**Problem to solve**. Exactly as written, retype all of the records that come next.

**Data for the task**.
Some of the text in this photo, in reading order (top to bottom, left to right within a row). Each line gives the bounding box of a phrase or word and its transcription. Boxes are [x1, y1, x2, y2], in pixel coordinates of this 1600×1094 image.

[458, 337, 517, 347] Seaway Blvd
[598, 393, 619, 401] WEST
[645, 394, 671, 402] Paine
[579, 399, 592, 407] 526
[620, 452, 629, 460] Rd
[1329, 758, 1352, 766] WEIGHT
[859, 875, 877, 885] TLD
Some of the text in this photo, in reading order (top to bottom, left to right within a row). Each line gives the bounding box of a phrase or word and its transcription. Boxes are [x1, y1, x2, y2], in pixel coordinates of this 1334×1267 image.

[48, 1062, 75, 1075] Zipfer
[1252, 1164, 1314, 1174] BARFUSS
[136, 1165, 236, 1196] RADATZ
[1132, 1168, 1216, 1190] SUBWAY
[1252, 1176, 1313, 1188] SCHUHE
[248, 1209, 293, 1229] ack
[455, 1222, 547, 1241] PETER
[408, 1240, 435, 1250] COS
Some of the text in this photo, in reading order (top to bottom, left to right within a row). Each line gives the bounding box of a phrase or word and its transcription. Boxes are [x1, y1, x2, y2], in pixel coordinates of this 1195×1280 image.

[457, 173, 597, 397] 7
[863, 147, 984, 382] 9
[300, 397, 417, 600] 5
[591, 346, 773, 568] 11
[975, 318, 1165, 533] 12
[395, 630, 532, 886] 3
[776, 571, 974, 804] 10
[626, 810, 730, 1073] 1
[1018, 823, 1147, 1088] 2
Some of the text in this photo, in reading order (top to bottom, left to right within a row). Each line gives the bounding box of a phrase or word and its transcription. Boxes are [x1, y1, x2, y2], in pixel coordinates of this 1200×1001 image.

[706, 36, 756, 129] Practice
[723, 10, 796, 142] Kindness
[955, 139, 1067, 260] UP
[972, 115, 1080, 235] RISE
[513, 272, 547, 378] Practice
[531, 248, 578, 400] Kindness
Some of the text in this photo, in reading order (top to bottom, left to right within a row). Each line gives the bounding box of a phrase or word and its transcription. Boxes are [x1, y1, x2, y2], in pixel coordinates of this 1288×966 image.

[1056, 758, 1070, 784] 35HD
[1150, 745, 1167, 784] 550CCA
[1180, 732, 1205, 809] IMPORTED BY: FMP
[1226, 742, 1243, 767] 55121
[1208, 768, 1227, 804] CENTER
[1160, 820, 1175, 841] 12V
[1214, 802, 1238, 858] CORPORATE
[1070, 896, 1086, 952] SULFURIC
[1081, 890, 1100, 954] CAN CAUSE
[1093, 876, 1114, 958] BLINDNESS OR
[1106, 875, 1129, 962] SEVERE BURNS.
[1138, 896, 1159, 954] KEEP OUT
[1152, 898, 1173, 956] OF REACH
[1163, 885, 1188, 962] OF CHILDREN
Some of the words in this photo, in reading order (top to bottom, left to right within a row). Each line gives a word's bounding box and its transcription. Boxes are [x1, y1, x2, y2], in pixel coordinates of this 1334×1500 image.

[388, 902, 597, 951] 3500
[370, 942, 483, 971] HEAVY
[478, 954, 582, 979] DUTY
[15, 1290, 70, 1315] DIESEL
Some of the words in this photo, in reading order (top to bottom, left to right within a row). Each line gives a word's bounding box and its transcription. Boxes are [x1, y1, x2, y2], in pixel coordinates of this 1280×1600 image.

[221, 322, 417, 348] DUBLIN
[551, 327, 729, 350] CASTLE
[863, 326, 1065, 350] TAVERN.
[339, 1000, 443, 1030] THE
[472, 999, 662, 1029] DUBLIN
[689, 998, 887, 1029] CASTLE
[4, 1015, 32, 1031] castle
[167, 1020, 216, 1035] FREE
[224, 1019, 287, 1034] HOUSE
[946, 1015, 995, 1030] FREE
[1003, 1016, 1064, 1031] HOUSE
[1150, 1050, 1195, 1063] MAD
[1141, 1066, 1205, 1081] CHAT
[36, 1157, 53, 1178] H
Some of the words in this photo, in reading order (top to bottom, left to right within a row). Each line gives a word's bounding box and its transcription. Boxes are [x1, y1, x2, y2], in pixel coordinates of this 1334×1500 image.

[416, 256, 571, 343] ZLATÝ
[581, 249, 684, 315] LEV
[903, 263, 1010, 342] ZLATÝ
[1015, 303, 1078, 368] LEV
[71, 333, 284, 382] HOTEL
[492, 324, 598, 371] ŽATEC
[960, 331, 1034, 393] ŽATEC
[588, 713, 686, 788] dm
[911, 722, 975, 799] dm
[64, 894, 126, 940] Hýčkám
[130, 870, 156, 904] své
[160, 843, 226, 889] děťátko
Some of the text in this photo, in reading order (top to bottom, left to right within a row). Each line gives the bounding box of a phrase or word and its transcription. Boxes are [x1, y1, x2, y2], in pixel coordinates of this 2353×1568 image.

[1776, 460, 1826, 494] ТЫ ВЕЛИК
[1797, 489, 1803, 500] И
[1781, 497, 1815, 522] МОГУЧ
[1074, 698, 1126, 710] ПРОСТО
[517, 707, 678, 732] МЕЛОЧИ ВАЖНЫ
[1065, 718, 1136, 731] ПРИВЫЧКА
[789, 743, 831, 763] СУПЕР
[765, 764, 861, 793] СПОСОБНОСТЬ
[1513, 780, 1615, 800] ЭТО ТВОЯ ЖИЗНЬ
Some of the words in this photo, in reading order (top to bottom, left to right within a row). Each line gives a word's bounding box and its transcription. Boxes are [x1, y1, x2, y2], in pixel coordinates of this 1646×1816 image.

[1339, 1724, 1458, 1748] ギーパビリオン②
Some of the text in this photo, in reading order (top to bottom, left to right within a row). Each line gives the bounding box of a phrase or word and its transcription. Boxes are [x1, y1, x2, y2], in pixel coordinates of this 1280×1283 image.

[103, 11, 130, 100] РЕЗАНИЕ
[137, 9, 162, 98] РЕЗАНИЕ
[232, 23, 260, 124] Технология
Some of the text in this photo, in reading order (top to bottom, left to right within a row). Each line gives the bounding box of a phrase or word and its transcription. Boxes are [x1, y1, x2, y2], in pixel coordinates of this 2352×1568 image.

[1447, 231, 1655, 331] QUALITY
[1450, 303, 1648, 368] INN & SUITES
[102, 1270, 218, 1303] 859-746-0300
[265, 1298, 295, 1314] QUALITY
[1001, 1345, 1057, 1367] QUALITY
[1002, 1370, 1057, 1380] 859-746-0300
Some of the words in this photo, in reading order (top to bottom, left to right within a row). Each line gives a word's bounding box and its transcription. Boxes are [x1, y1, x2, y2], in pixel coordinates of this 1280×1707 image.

**Result for this task**.
Some of the text in this photo, in reading order (top to bottom, left to right within a row). Each line gives the bounding box of a phrase or word and its transcription. Boxes are [x1, y1, x2, y2], in pixel coordinates of this 1600×1094 image.

[458, 337, 517, 347] Seaway Blvd
[598, 393, 619, 401] WEST
[645, 394, 671, 402] Paine
[579, 399, 592, 407] 526
[620, 452, 629, 460] Rd
[1329, 758, 1352, 766] WEIGHT
[859, 875, 877, 885] TLD
Some of the text in this photo, in reading order (top to bottom, left to right within a row). Each line gives the bounding box of a phrase or word and its transcription. Boxes are [x1, y1, x2, y2], in pixel coordinates of this 1334×1267 image.

[48, 1062, 75, 1075] Zipfer
[1252, 1164, 1314, 1174] BARFUSS
[136, 1165, 236, 1196] RADATZ
[1132, 1168, 1216, 1190] SUBWAY
[1252, 1176, 1313, 1188] SCHUHE
[248, 1209, 293, 1229] ack
[455, 1222, 547, 1241] PETER
[408, 1240, 435, 1250] COS
Some of the text in this photo, in reading order (top to bottom, left to right within a row). Each line gives the bounding box of a phrase or word and its transcription. Boxes are [x1, y1, x2, y2], in pixel coordinates of this 1195×1280 image.

[457, 173, 597, 397] 7
[863, 147, 984, 382] 9
[300, 397, 417, 600] 5
[591, 346, 773, 568] 11
[975, 318, 1165, 533] 12
[395, 630, 532, 886] 3
[776, 571, 974, 804] 10
[626, 810, 730, 1073] 1
[1018, 823, 1147, 1088] 2
Some of the text in this photo, in reading order (top to bottom, left to right within a row). Each line gives the bounding box of a phrase or word and its transcription. Boxes are [x1, y1, x2, y2], in pixel coordinates of this 1200×1001 image.

[706, 36, 756, 129] Practice
[723, 10, 796, 142] Kindness
[955, 139, 1067, 260] UP
[972, 115, 1080, 235] RISE
[513, 272, 547, 378] Practice
[531, 248, 578, 400] Kindness
Some of the text in this photo, in reading order (top to bottom, left to right within a row). Each line gives the bounding box of a phrase or word and its transcription. Boxes are [x1, y1, x2, y2], in pixel coordinates of this 1288×966 image.

[1056, 758, 1070, 784] 35HD
[1150, 745, 1167, 784] 550CCA
[1180, 732, 1205, 809] IMPORTED BY: FMP
[1226, 742, 1243, 767] 55121
[1208, 768, 1227, 804] CENTER
[1160, 820, 1175, 841] 12V
[1214, 802, 1238, 858] CORPORATE
[1070, 896, 1086, 952] SULFURIC
[1081, 890, 1100, 954] CAN CAUSE
[1093, 876, 1114, 958] BLINDNESS OR
[1106, 875, 1129, 962] SEVERE BURNS.
[1138, 896, 1159, 954] KEEP OUT
[1152, 898, 1173, 956] OF REACH
[1163, 885, 1188, 962] OF CHILDREN
Some of the words in this photo, in reading order (top to bottom, left to right within a row). Each line gives a word's bounding box and its transcription. Boxes are [x1, y1, x2, y2], in pixel coordinates of this 1334×1500 image.

[388, 902, 597, 951] 3500
[370, 942, 483, 971] HEAVY
[478, 954, 582, 979] DUTY
[15, 1290, 70, 1315] DIESEL
Some of the words in this photo, in reading order (top to bottom, left to right within a row). Each line gives a word's bounding box and its transcription. Boxes are [x1, y1, x2, y2], in pixel coordinates of this 1280×1600 image.

[221, 322, 417, 348] DUBLIN
[551, 327, 729, 350] CASTLE
[863, 326, 1065, 350] TAVERN.
[339, 1000, 443, 1030] THE
[472, 999, 662, 1029] DUBLIN
[689, 998, 887, 1029] CASTLE
[4, 1015, 32, 1031] castle
[167, 1020, 216, 1035] FREE
[224, 1019, 287, 1034] HOUSE
[946, 1015, 995, 1030] FREE
[1003, 1016, 1064, 1031] HOUSE
[1150, 1050, 1195, 1063] MAD
[1141, 1066, 1205, 1081] CHAT
[36, 1157, 53, 1178] H
Some of the words in this photo, in reading order (top to bottom, left to right within a row). Each line gives a word's bounding box and its transcription. Boxes are [x1, y1, x2, y2], in pixel coordinates of this 1334×1500 image.

[416, 256, 571, 343] ZLATÝ
[581, 249, 684, 315] LEV
[903, 263, 1010, 342] ZLATÝ
[1015, 303, 1078, 368] LEV
[71, 333, 284, 382] HOTEL
[492, 324, 598, 371] ŽATEC
[960, 331, 1034, 393] ŽATEC
[588, 713, 686, 788] dm
[911, 722, 975, 799] dm
[64, 894, 126, 940] Hýčkám
[130, 870, 156, 904] své
[160, 843, 226, 889] děťátko
Some of the text in this photo, in reading order (top to bottom, left to right within a row). Each line gives the bounding box of a phrase or word and its transcription. Boxes are [x1, y1, x2, y2], in pixel coordinates of this 2353×1568 image.

[1776, 460, 1826, 494] ТЫ ВЕЛИК
[1797, 489, 1803, 500] И
[1781, 497, 1815, 522] МОГУЧ
[1074, 698, 1126, 710] ПРОСТО
[517, 707, 678, 732] МЕЛОЧИ ВАЖНЫ
[1065, 718, 1136, 731] ПРИВЫЧКА
[789, 743, 831, 763] СУПЕР
[765, 764, 861, 793] СПОСОБНОСТЬ
[1513, 780, 1615, 800] ЭТО ТВОЯ ЖИЗНЬ
Some of the words in this photo, in reading order (top to bottom, left to right within a row). Each line gives a word's bounding box and its transcription. Boxes are [x1, y1, x2, y2], in pixel coordinates of this 1646×1816 image.

[1339, 1724, 1458, 1748] ギーパビリオン②
Some of the text in this photo, in reading order (top to bottom, left to right within a row). Each line gives the bounding box of a phrase or word and its transcription. Boxes are [x1, y1, x2, y2], in pixel coordinates of this 1280×1283 image.

[103, 11, 130, 100] РЕЗАНИЕ
[137, 9, 162, 98] РЕЗАНИЕ
[232, 23, 260, 124] Технология
Some of the text in this photo, in reading order (top to bottom, left to right within a row). Each line gives the bounding box of a phrase or word and its transcription. Boxes are [x1, y1, x2, y2], in pixel coordinates of this 2352×1568 image.

[1447, 231, 1655, 331] QUALITY
[1450, 303, 1648, 368] INN & SUITES
[102, 1270, 218, 1303] 859-746-0300
[265, 1298, 295, 1314] QUALITY
[1001, 1345, 1057, 1367] QUALITY
[1002, 1370, 1057, 1380] 859-746-0300
Some of the words in this photo, in reading order (top to bottom, left to right within a row). Each line gives a word's bounding box and its transcription. Boxes are [x1, y1, x2, y2], in pixel coordinates of this 1280×1707 image.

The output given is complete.